The game system uses a House structure for a number of reasons. Organizing players into houses speeds logistics, as some of the basics of event check in can be preformed by members of the house. The training of individual players is a responsibility of the house. The creation of gear and garb is much easier on any individual player, when they have the support of others. The House structure also creates a foundation for storytelling.
The House system is not designed to facilitate individual storytelling. This game system recognizes the House as the basic unit of character in the game. This is vastly different than all other larps and table top games, where the focus is on the individual player’s history and story-line. In a 4x larp the game system is going to run the world, it’s up to the Houses to manage their individual story-lines.
This de-emphasis of the individual in larp is nothing new to game systems outside the United States. It is a big departure for most American players. It might take players some time to wrap their heads around the concept. That being said, role playing the individuals story is encouraged if not required. The responsibility to the individual falls on the House that person is a member of, not the game system.

Social Structure

In many larps players are free to make up titles and claim any social rank. This freedom causes a lot of problems with verisimilitude, because the game doesn’t feel real when everyone is ‘the child of a baron’. The social structure of the House system creates a foundation for a few players to earn a title, but the majority of players will mostly likely not have a title. Granted there is nothing preventing House from creating titles. Additionally the social structure is going to tie into the magic and monster systems.

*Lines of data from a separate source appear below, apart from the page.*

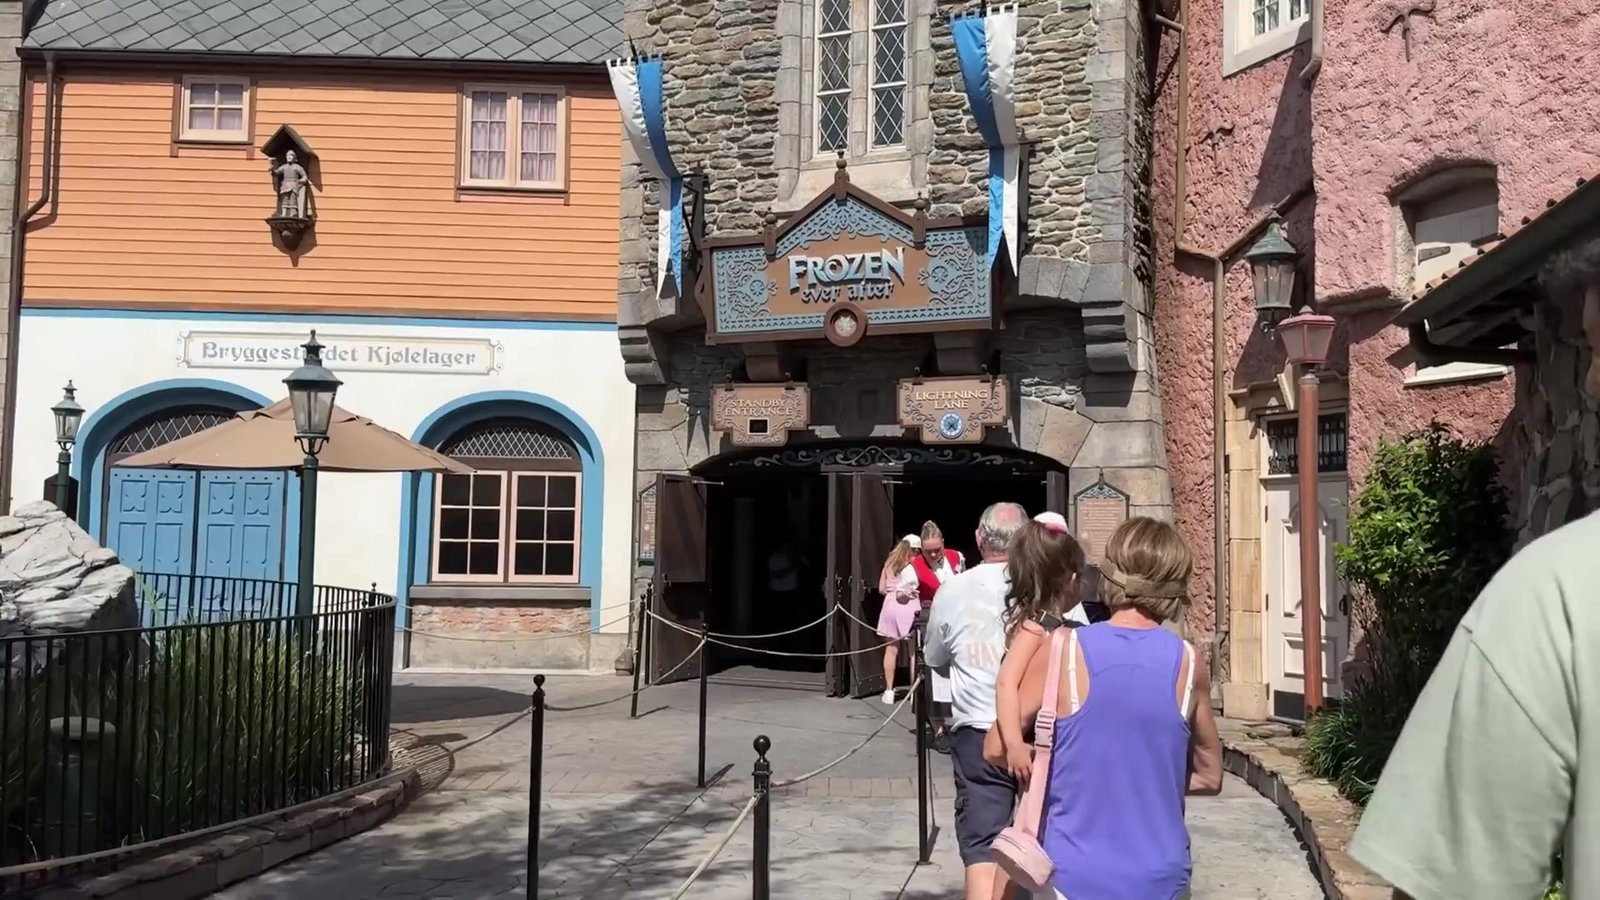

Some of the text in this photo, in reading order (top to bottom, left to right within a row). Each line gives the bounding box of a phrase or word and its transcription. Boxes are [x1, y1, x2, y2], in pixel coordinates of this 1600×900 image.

[788, 246, 905, 295] FROZEN
[801, 281, 895, 303] ever after
[202, 341, 476, 367] Bryggestdet Kjølelager
[916, 389, 988, 401] LIGHTNING
[730, 399, 786, 408] STANDBY
[934, 400, 969, 410] LANE
[725, 407, 793, 417] ENTRANCE
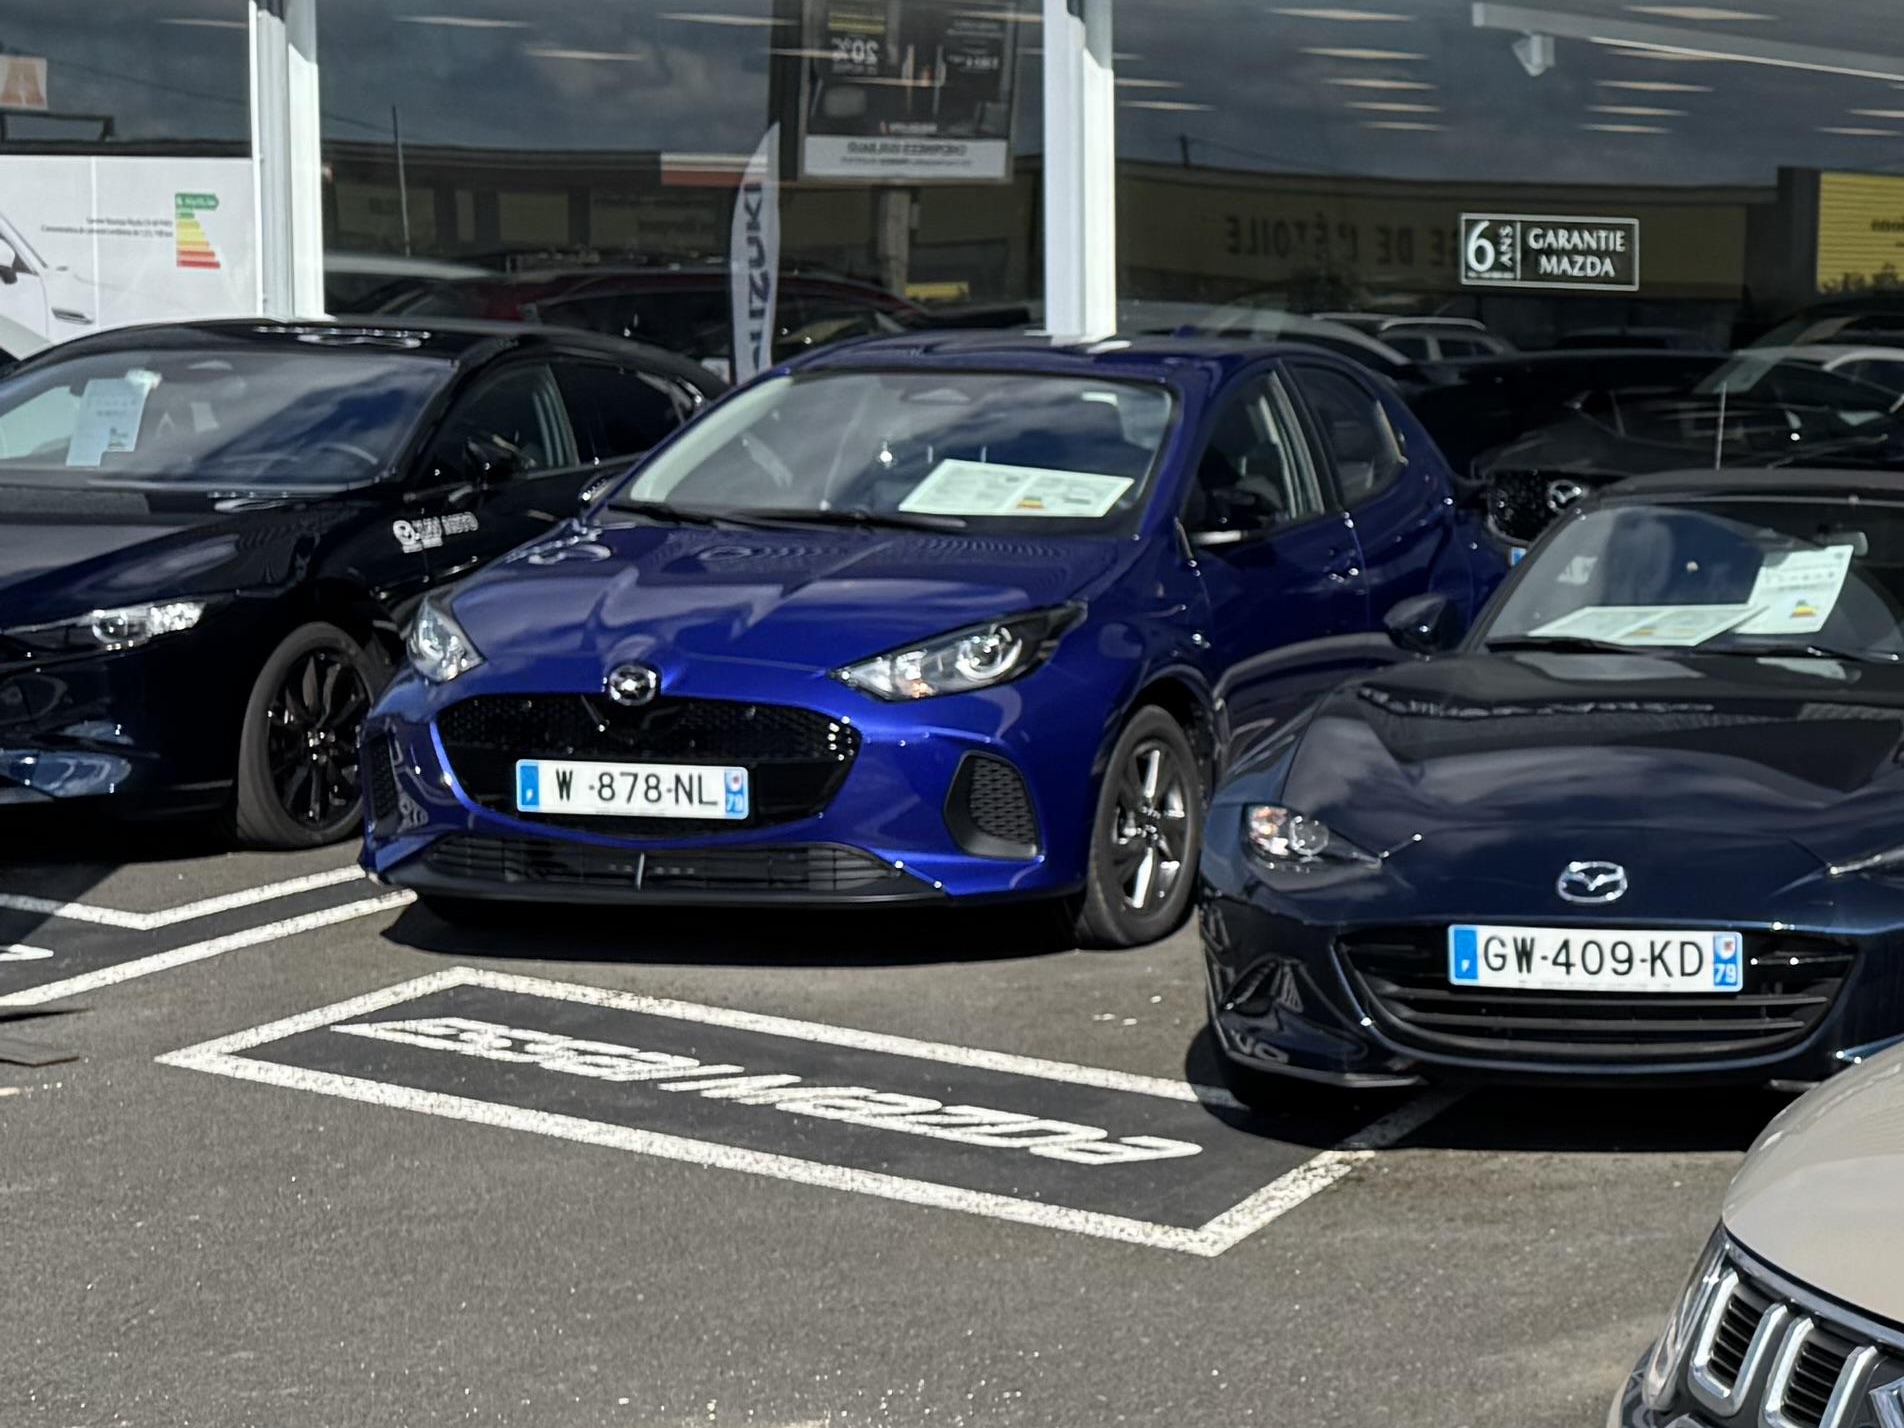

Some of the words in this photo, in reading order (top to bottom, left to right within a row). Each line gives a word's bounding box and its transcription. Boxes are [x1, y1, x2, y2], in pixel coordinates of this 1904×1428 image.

The key to this system is the House. Each House is a group of players whose persona work together to tell a common story. They share a similar background and come from the same place. Players are encouraged to give their persona a unique background and tell a story with their actions, but from the game systems perspective individual role play is a nice bonus, not a requirement. The goal of this flexibility is to allow players who are there to fight to get into the action, and players who are there to role play to build their stories. Stick jocks are welcome to play characters who fade a bit into the background. The generic House Guard role. Role Play enthusiasts are encouraged to step up.

Higher social rank is bestowed upon the leader of a House who can recruit more players into their house. This is good for the game as it encourages players who are interested in political power to recruit. It also rewards players who recruit naturally. From a game system perspective a larp needs to grow, and making that the responsibility of the players themselves, and rewarding them for that, solves two problems at the same time.


As Houses increase in size the persona who leads that House is bestowed with greater title. The ranks will look something like the following table.

[Insert table]


A House can be created with at least 2 persona, but when a house reaches 5 members they must create heraldry. It is expected that the players will actually craft a banner which bears the Houses heraldry. This banner becomes important as a symbol of the house, visual recognition on the field of battle, and is used for the magic system.

Heraldry, Tabbards, Belt Favors and other such identifying insignia, are also used to prevent confusion during game play.

Actions and Battles

Before an event begins Houses take actions. Those actions translate into battles which the members of the house actually fight. By selecting which kind of action a house takes, and where, the house can determine what kind of battles happen at the current or next event. The Marshalls may throw in an unexpected twist, but the House gets to choose where and how it will engage the game world.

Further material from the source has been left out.